Por diversas vezes, as pessoas tentam ainda criar argumentos para justificar o ocorrido. Afinal, quem nunca ouviu as perguntas: “Mas ela estava vestida como? Ela estava andando sozinha na rua durante a noite?”, né? No entanto, não há possibilidade de justificar o injustificável. É preciso reforçar que os únicos culpados dos estupros são única e exclusivamente os estupradores.
Ao longo da narrativa, Ana Paula Araújo também mostra sua força por enfrentar entrevistas cara-a-cara com os criminosos, inclusive por ser mulher, e ouvir relatos tão dolorosos das mulheres violentadas. Abuso é um livro-reportagem essencial para escancarar essas atrocidades, para que cada vez a gente tenha menos casos desse tipo, e dar voz e visibilidade às vítimas, que, por diversas vezes, são caladas e coagidas.
Confira outros livros-reportagem!
Presos que menstruam, de Nana Queiroz
Presos que menstruam é uma grande reportagem sobre o cotidiano das prisões femininas no Brasil, um tabu neste país. Neste livro, Nana Queiroz alcança o que é esperado do futuro do jornalismo: ao ouvir e dar voz às presas (e às famílias delas), desde os episódios que as levaram à cadeia até o cotidiano no cárcere, a autora costura e ilumina o mais completo e ambicioso panorama da vida de uma presidiária brasileira.
A casa, de Chico Felitti
João de Deus desfrutava das bênçãos do establishment. Frequentava festas de políticos, recebia artistas brasileiros e estrangeiros, via filas quilométricas se formarem em frente à casa onde atendia, na pequena cidade de Abadiânia, no interior de Goiás. No fim de 2018, veio a público uma onda de acusações de assédio sexual contra o líder espiritual. Dezenas de mulheres saíram da sombra para contar experiências de abuso e estupro. Em seguida surgiram as denúncias na Justiça. E então o castelo de cartas de João de Deus começou a desmoronar. Este livro mergulha nessa história, mostrando que ela é ainda mais assustadora.
Olga, de Fernando Morais
Este livro conta a história de Olga Benario, judia e comunista, companheira de Luís Carlos Prestes. Grávida, foi entregue pelo governo de Getúlio Vargas à polícia secreta alemã e acabou assassinada nos campos de concentração nazistas.

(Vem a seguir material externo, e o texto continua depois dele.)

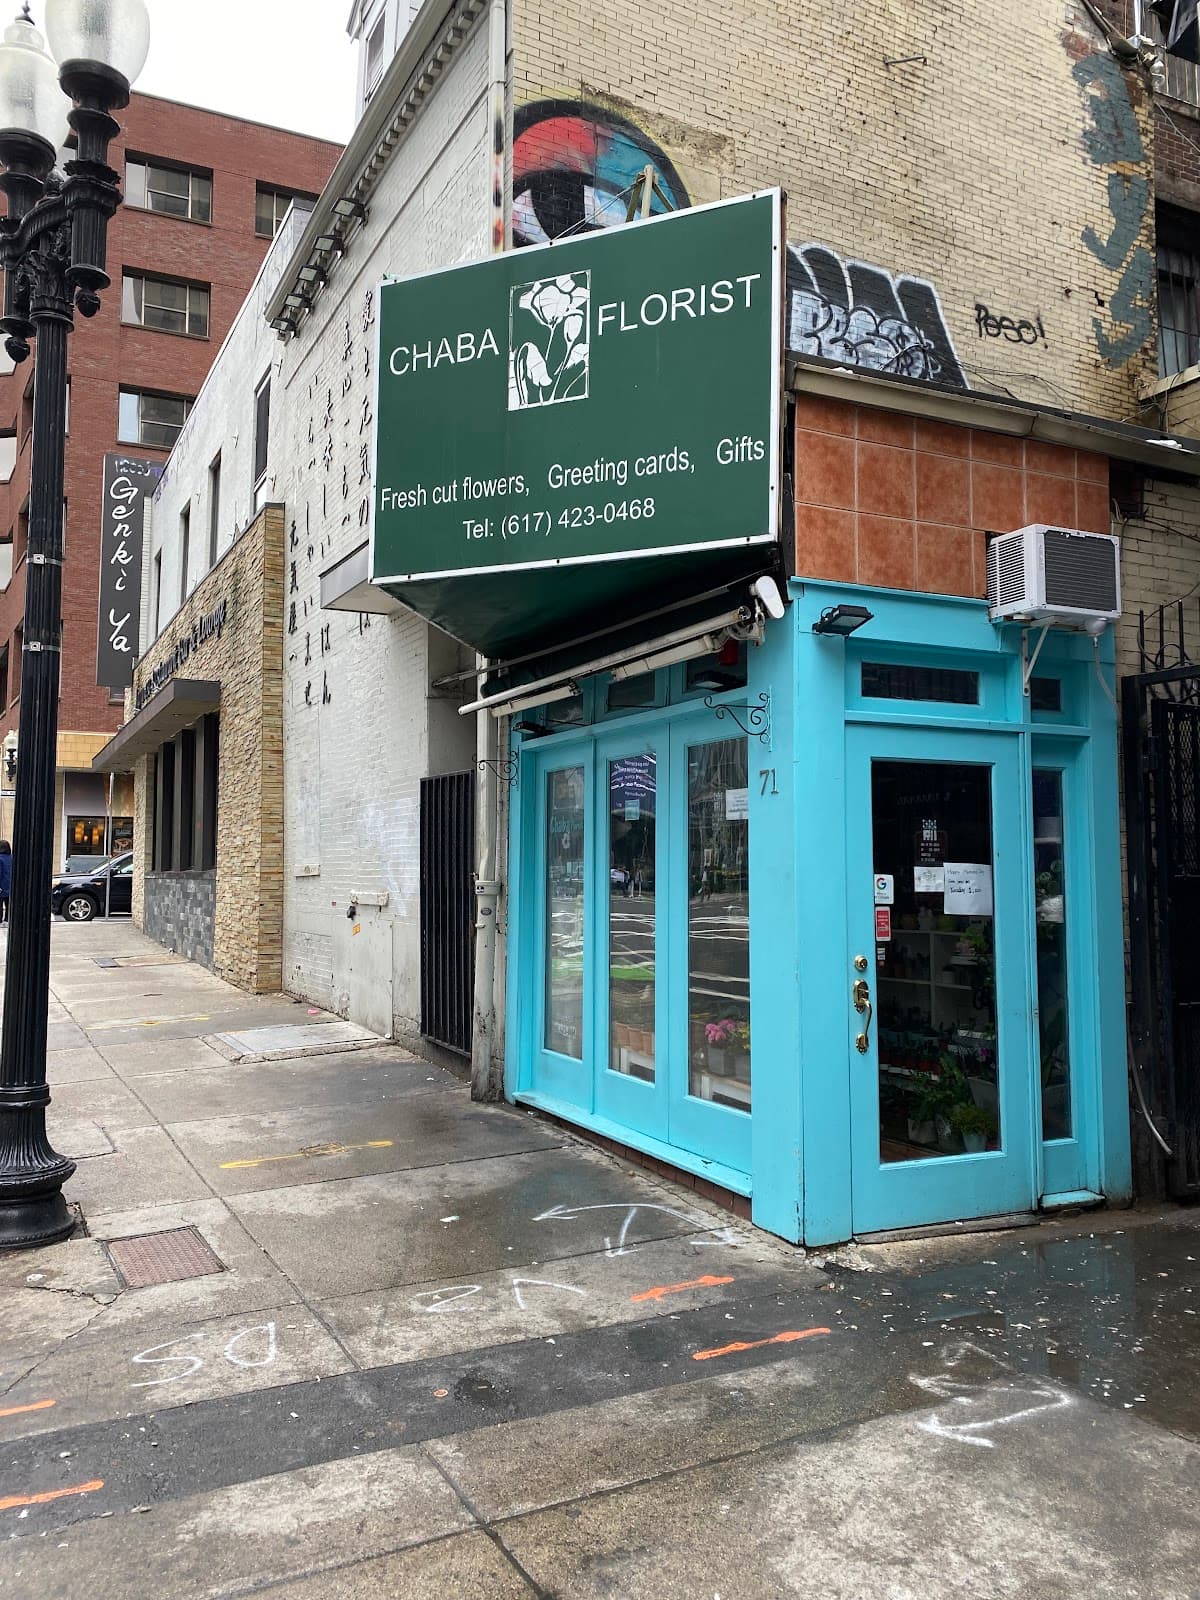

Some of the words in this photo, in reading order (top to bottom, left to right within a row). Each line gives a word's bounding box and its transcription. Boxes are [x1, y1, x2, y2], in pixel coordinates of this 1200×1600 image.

[389, 328, 500, 375] CHABA
[597, 273, 761, 336] FLORIST
[381, 483, 427, 511] Fresh
[432, 480, 458, 503] cut
[463, 474, 531, 501] flowers,
[548, 457, 628, 489] Greeting
[634, 446, 695, 476] cards,
[716, 436, 765, 465] Gifts
[109, 476, 138, 591] Genki
[463, 518, 495, 540] Tel:
[501, 511, 552, 540] (617)
[558, 497, 655, 529] 423-0468
[109, 607, 131, 652] Ya
[759, 768, 779, 796] 71

O pior dos crimes: A história do assassinato de Isabella Nardoni, de Rogério Pagnan
Construído em ritmo de thriller, O pior dos crimes esmiúça o trágico caso que conseguiu estarrecer a opinião pública de um país rotineiramente violento. Em 29 de março de 2008, Isabella, de 5 anos, foi atirada ainda com vida pela janela do sexto andar do apartamento do pai, Alexandre Nardoni, e da madrasta, Anna Carolina Jatobá, na zona norte da capital paulista, e morreu pouco depois de chegar ao hospital.

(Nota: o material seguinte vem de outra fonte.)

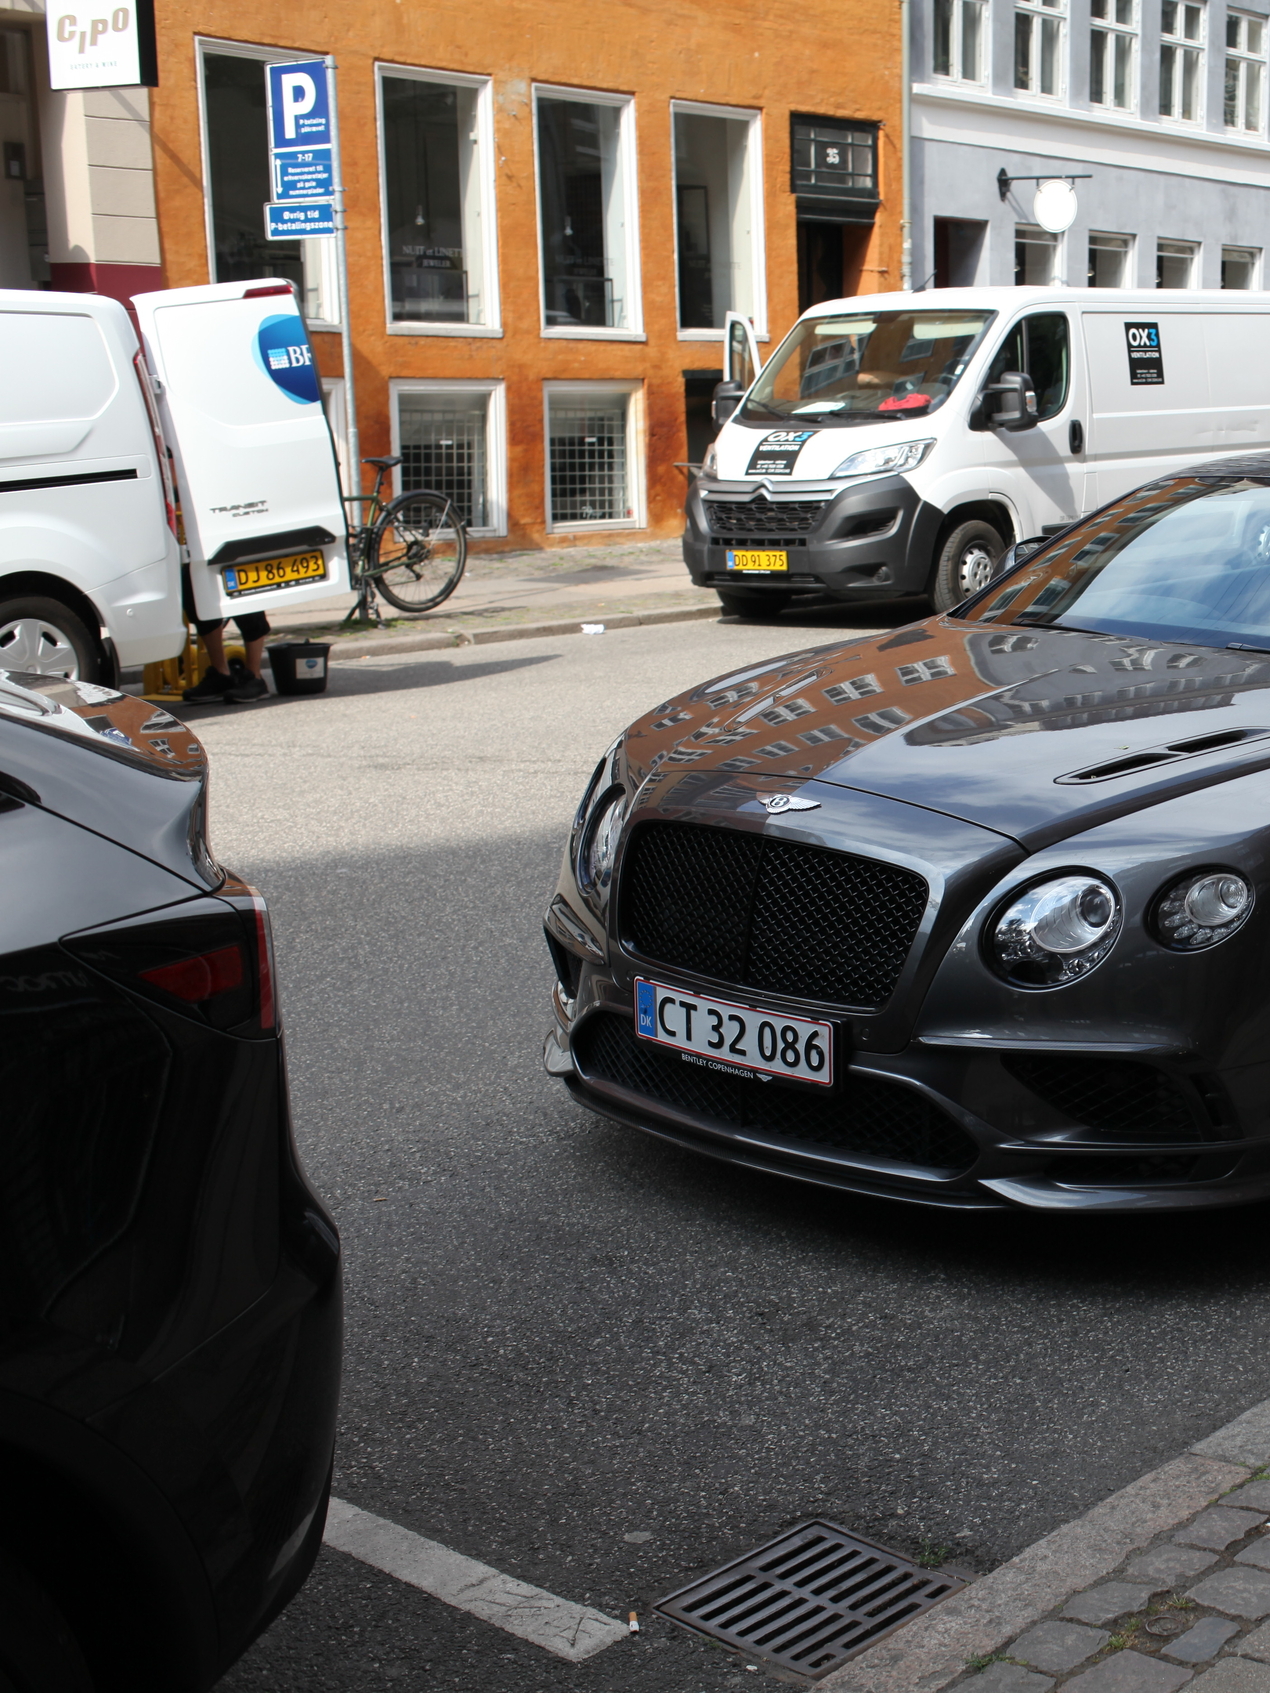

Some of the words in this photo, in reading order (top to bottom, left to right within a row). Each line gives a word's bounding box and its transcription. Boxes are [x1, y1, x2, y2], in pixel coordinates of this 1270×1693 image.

[57, 7, 129, 54] CIPO
[282, 72, 316, 139] P
[297, 152, 313, 162] 7-17
[826, 148, 840, 164] 35
[283, 211, 305, 220] Øvrig
[307, 210, 319, 218] tid
[270, 221, 333, 231] P-betalingszone
[1128, 328, 1158, 346] OX3
[767, 432, 815, 442] OX3
[210, 500, 267, 513] TRANSIT
[232, 508, 268, 517] CUSTOM
[734, 555, 748, 566] DD
[750, 555, 762, 566] 91
[766, 555, 784, 566] 375
[237, 566, 260, 586] DJ
[264, 560, 286, 581] 86
[290, 555, 320, 575] 493
[640, 1014, 652, 1028] DK
[658, 995, 698, 1042] CT
[707, 1008, 747, 1057] 32
[758, 1020, 825, 1072] 086
[681, 1053, 706, 1067] BENTLEY
[708, 1061, 754, 1079] COPENHAGEN

Todo dia a mesma noite, de Daniela Arbex
Todo dia a mesma noite traz uma reportagem definitiva sobre a tragédia que abateu a cidade de Santa Maria em 2013. A obra relembra e homenageia os 242 mortos no incêndio da Boate Kiss. Neste livro, a jornalista Daniela Arbex reconstitui de maneira sensível e inédita os eventos da madrugada de 27 de janeiro de 2013. Foram necessárias centenas de horas dos depoimentos de sobreviventes, familiares, equipes de resgate e profissionais.
Indefensável: O goleiro Bruno e a história da morte de Eliza Samúdio, de Leslie Leitão, Paula Sarapu e Paulo Carvalho
Escrita como thriller policial, a reportagem disseca a macabra trama planejada e calculada com rara frieza pelo então maior goleiro do Brasil, Bruno, do Flamengo, que resultaria na morte da jovem Eliza Samudio, em junho de 2010. Está tudo lá, desde a concepção da armadilha que capturaria a modelo, a execução do sequestro e o desaparecimento da jovem até o teatro dos julgamentos e a condenação dos responsáveis.